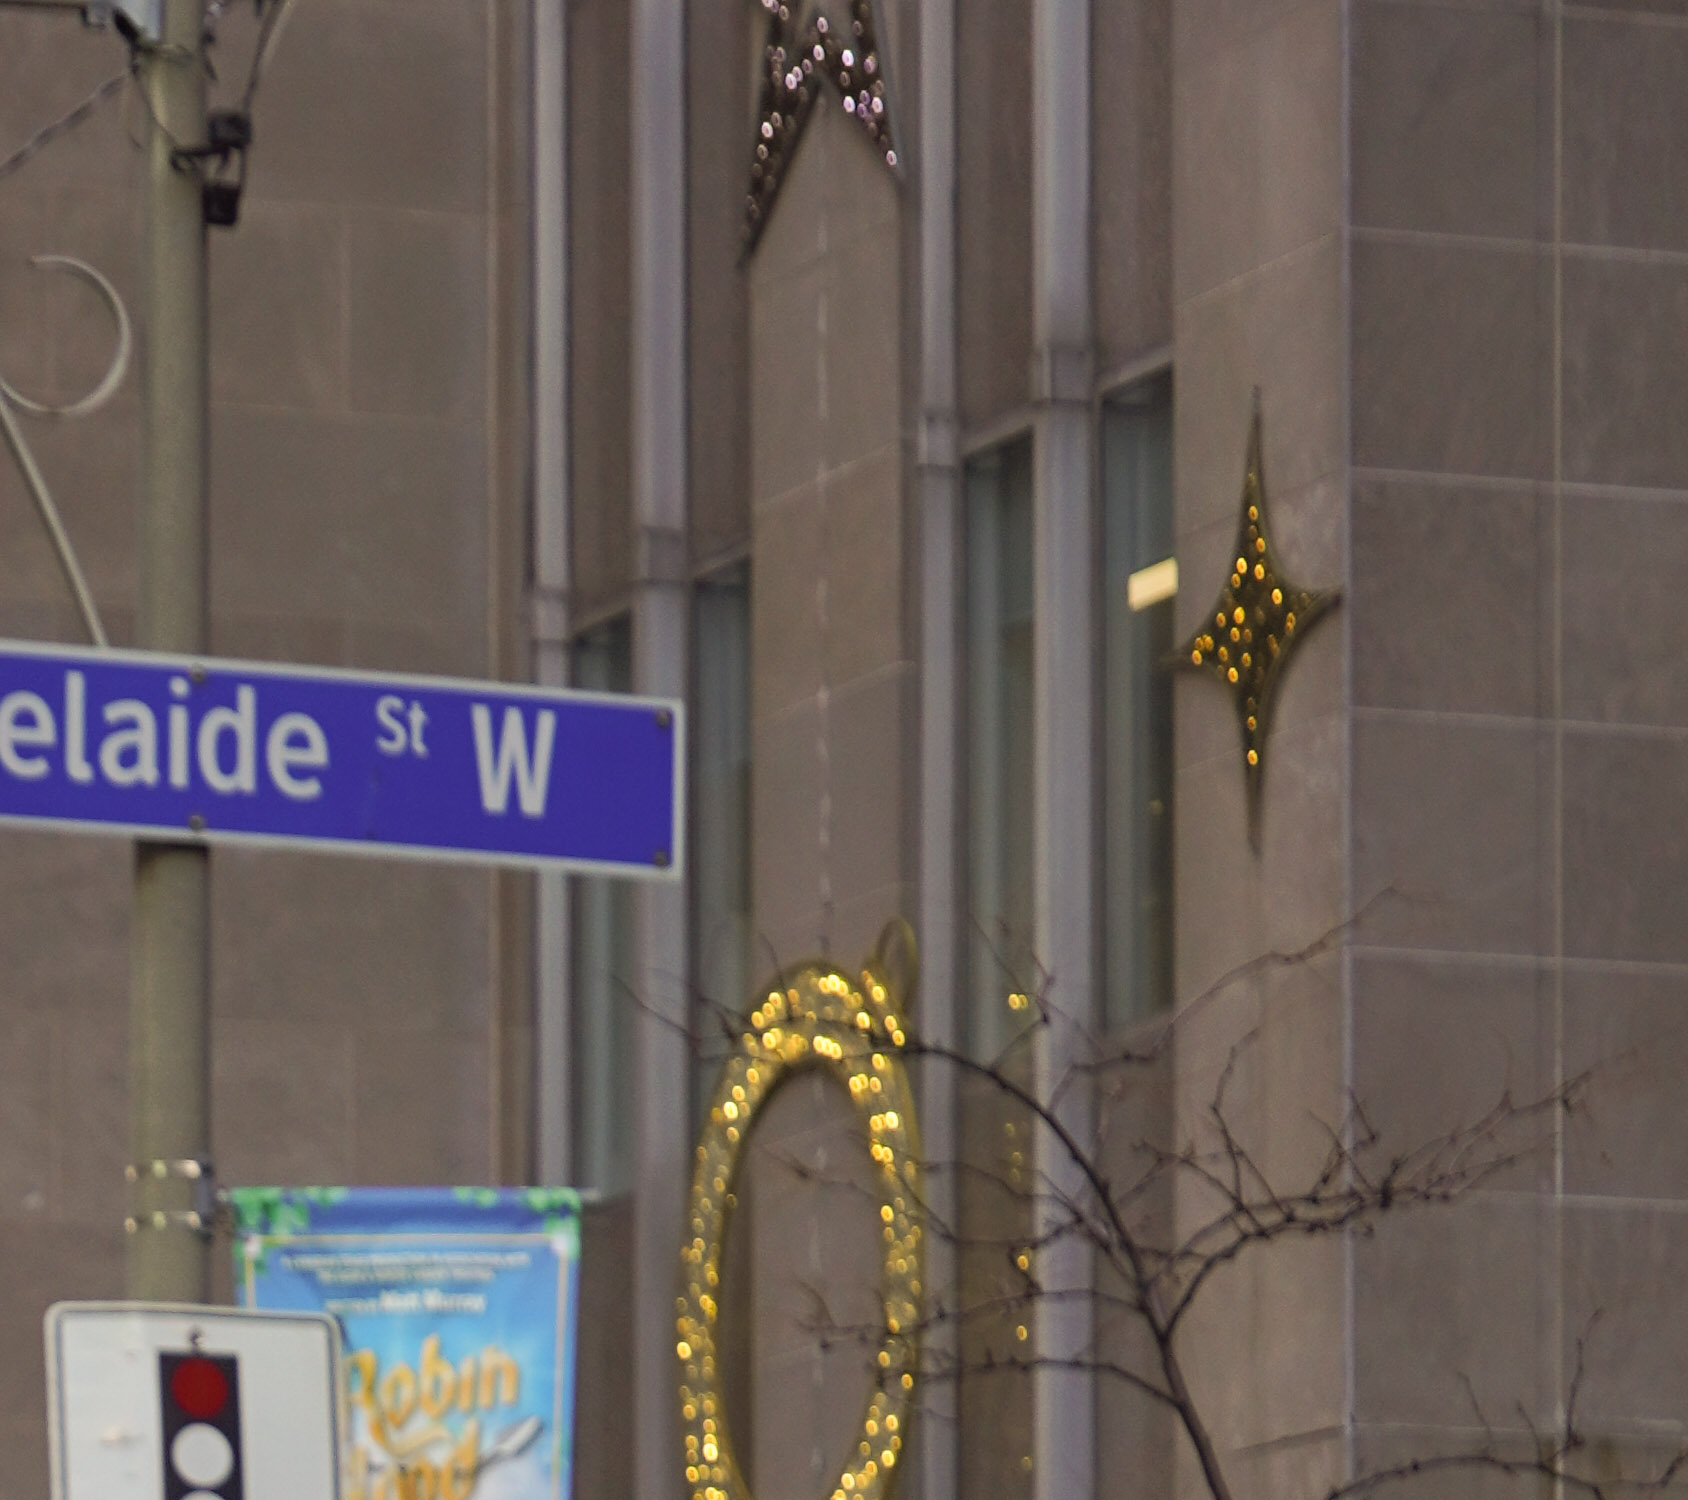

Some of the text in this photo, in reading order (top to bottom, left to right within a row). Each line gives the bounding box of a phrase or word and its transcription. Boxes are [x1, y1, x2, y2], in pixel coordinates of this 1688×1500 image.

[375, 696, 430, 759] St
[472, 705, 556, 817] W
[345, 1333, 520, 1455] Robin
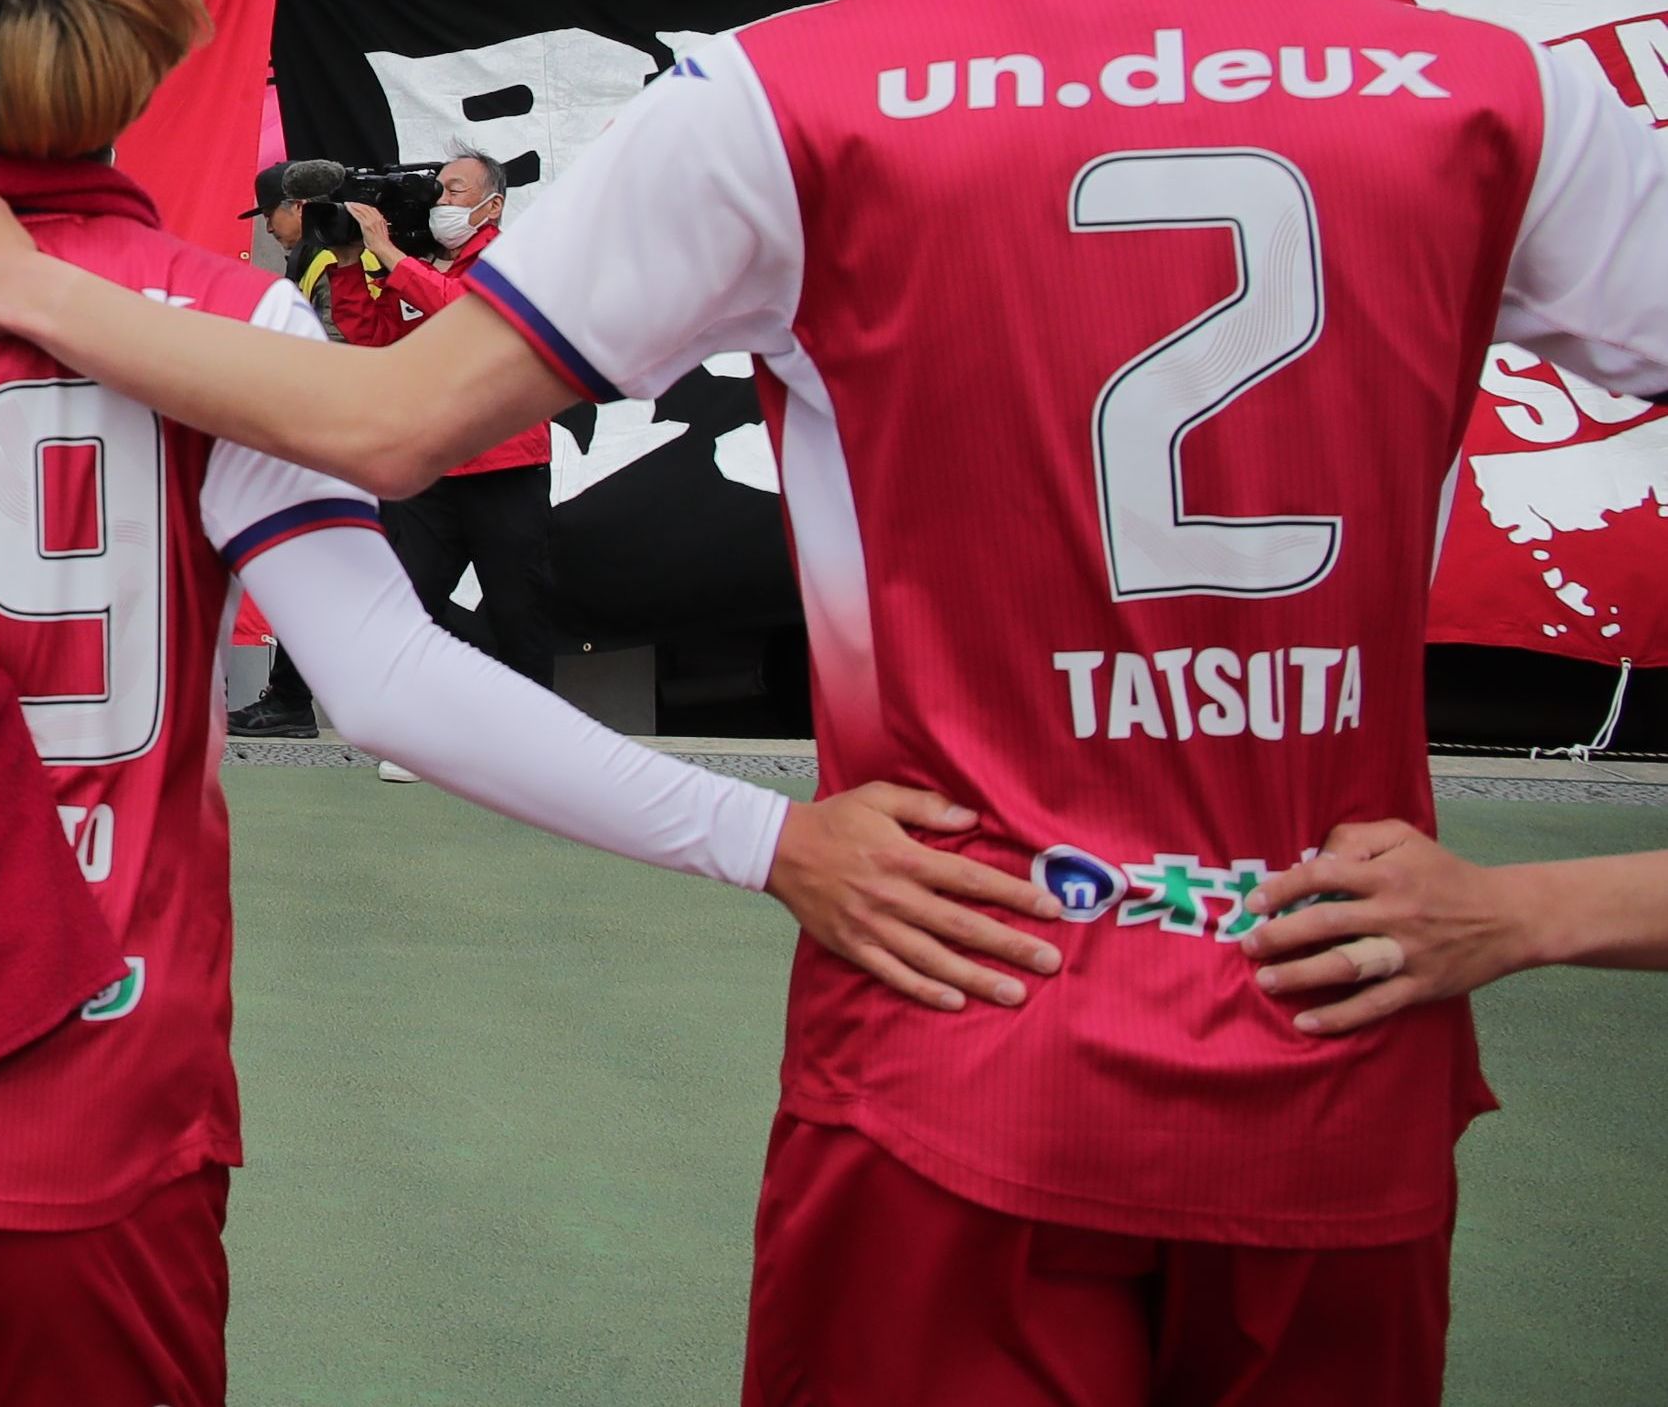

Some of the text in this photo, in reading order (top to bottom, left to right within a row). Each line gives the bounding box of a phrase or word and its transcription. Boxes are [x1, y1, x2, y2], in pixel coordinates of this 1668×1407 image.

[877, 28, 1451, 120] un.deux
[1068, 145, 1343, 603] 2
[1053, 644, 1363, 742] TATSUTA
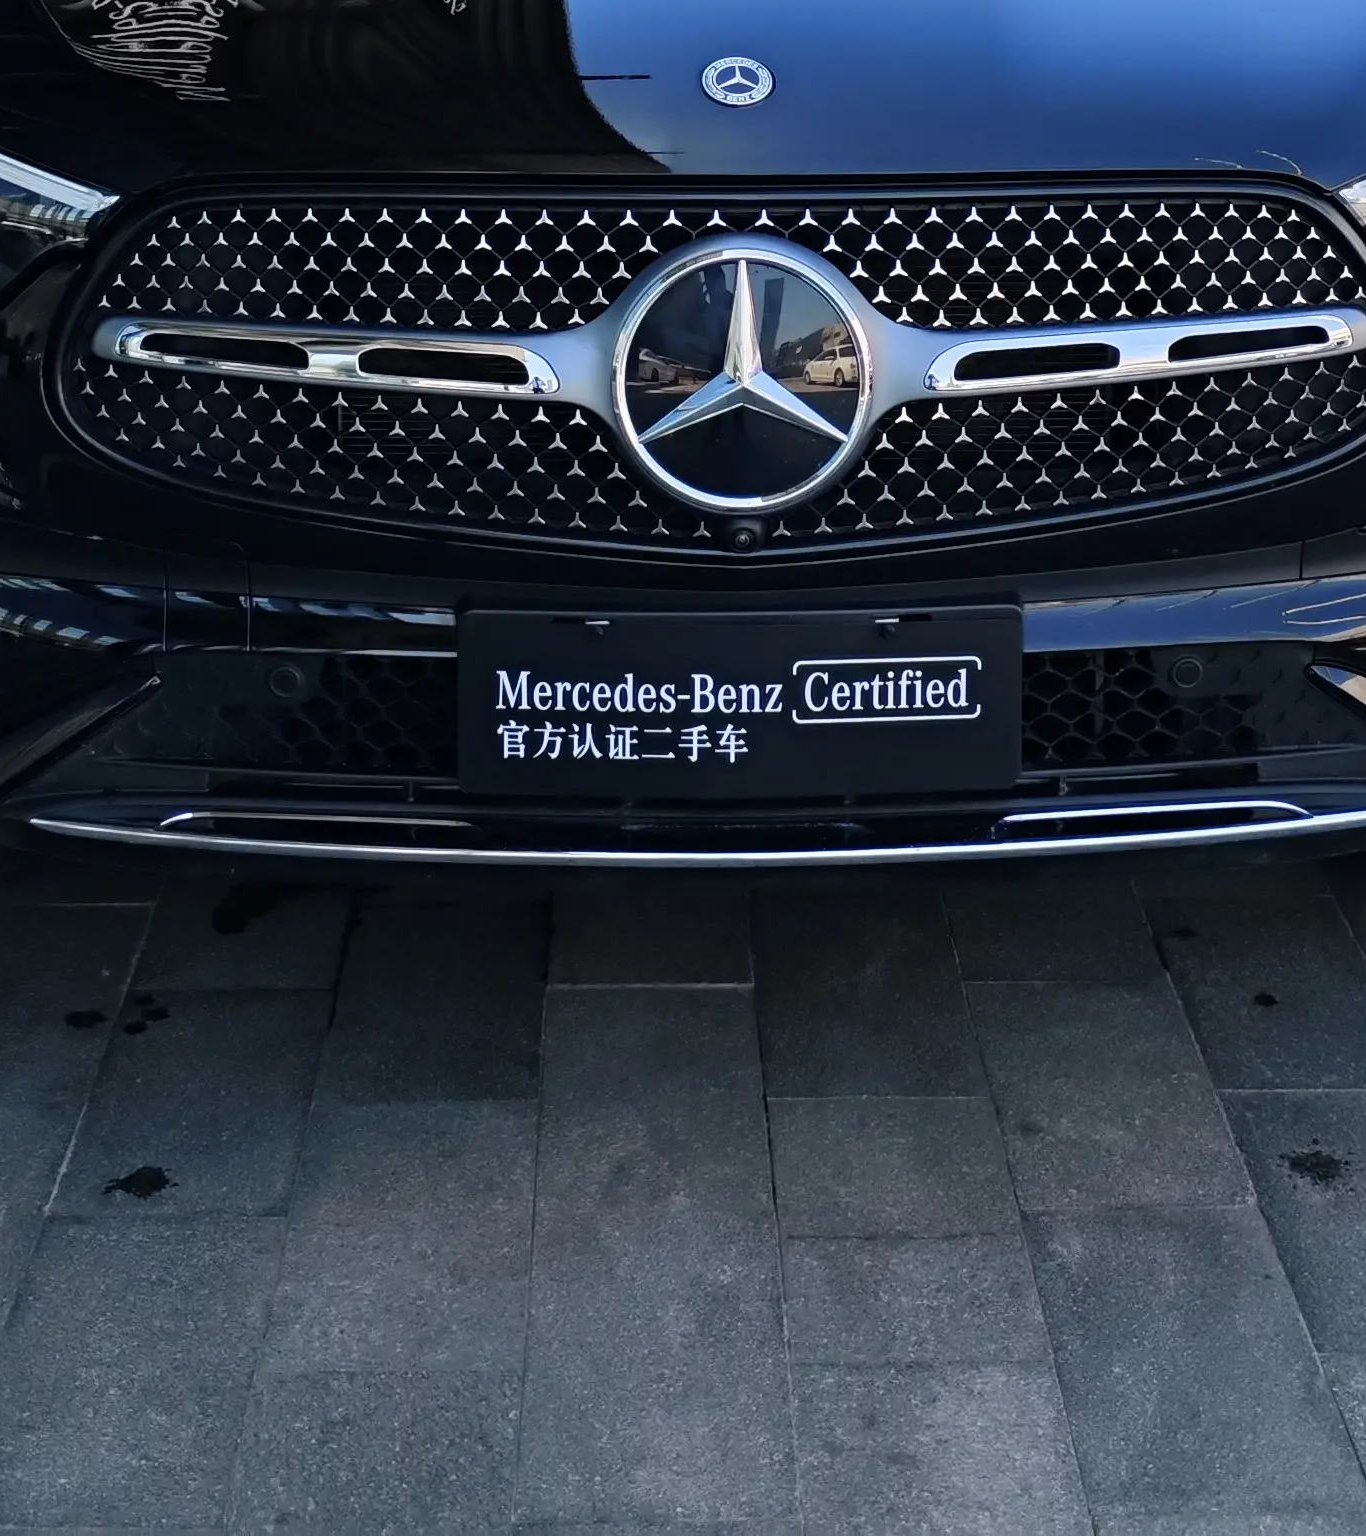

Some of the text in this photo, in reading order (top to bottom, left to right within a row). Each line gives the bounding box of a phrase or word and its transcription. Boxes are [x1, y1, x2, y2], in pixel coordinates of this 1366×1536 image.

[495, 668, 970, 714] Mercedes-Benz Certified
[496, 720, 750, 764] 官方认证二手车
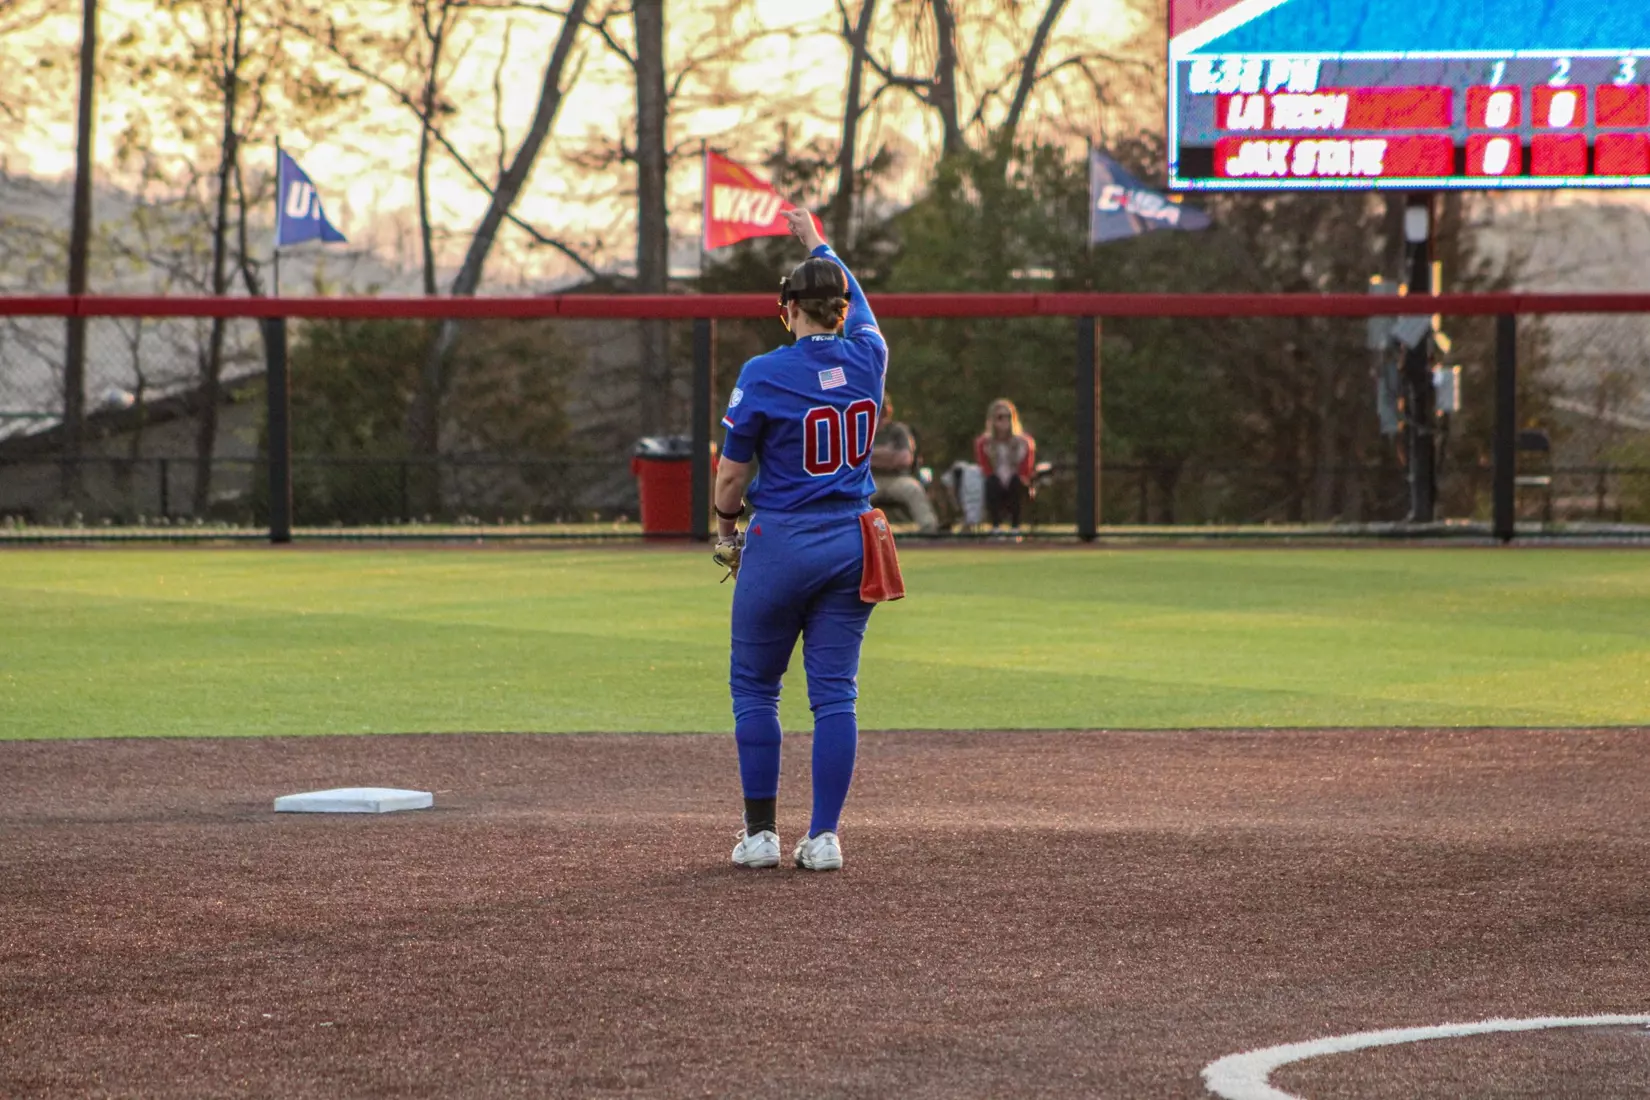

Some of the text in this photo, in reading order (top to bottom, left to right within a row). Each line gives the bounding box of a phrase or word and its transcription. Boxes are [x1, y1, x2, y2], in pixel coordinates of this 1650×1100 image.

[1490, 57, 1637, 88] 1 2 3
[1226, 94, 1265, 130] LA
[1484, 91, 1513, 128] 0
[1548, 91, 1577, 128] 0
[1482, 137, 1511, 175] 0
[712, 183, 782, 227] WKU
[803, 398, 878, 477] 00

Exercise: Copy exactly the line that contains "this 1650×1100 image." and every line after it, up to and including the last line of the records.

Result for this exercise:
Some of the text in this photo, in reading order (top to bottom, left to right within a row). Each line gives the bounding box of a phrase or word and its transcription. Boxes are [x1, y1, x2, y2], in pixel coordinates of this 1650×1100 image.

[1490, 57, 1637, 88] 1 2 3
[1226, 94, 1265, 130] LA
[1484, 91, 1513, 128] 0
[1548, 91, 1577, 128] 0
[1482, 137, 1511, 175] 0
[712, 183, 782, 227] WKU
[803, 398, 878, 477] 00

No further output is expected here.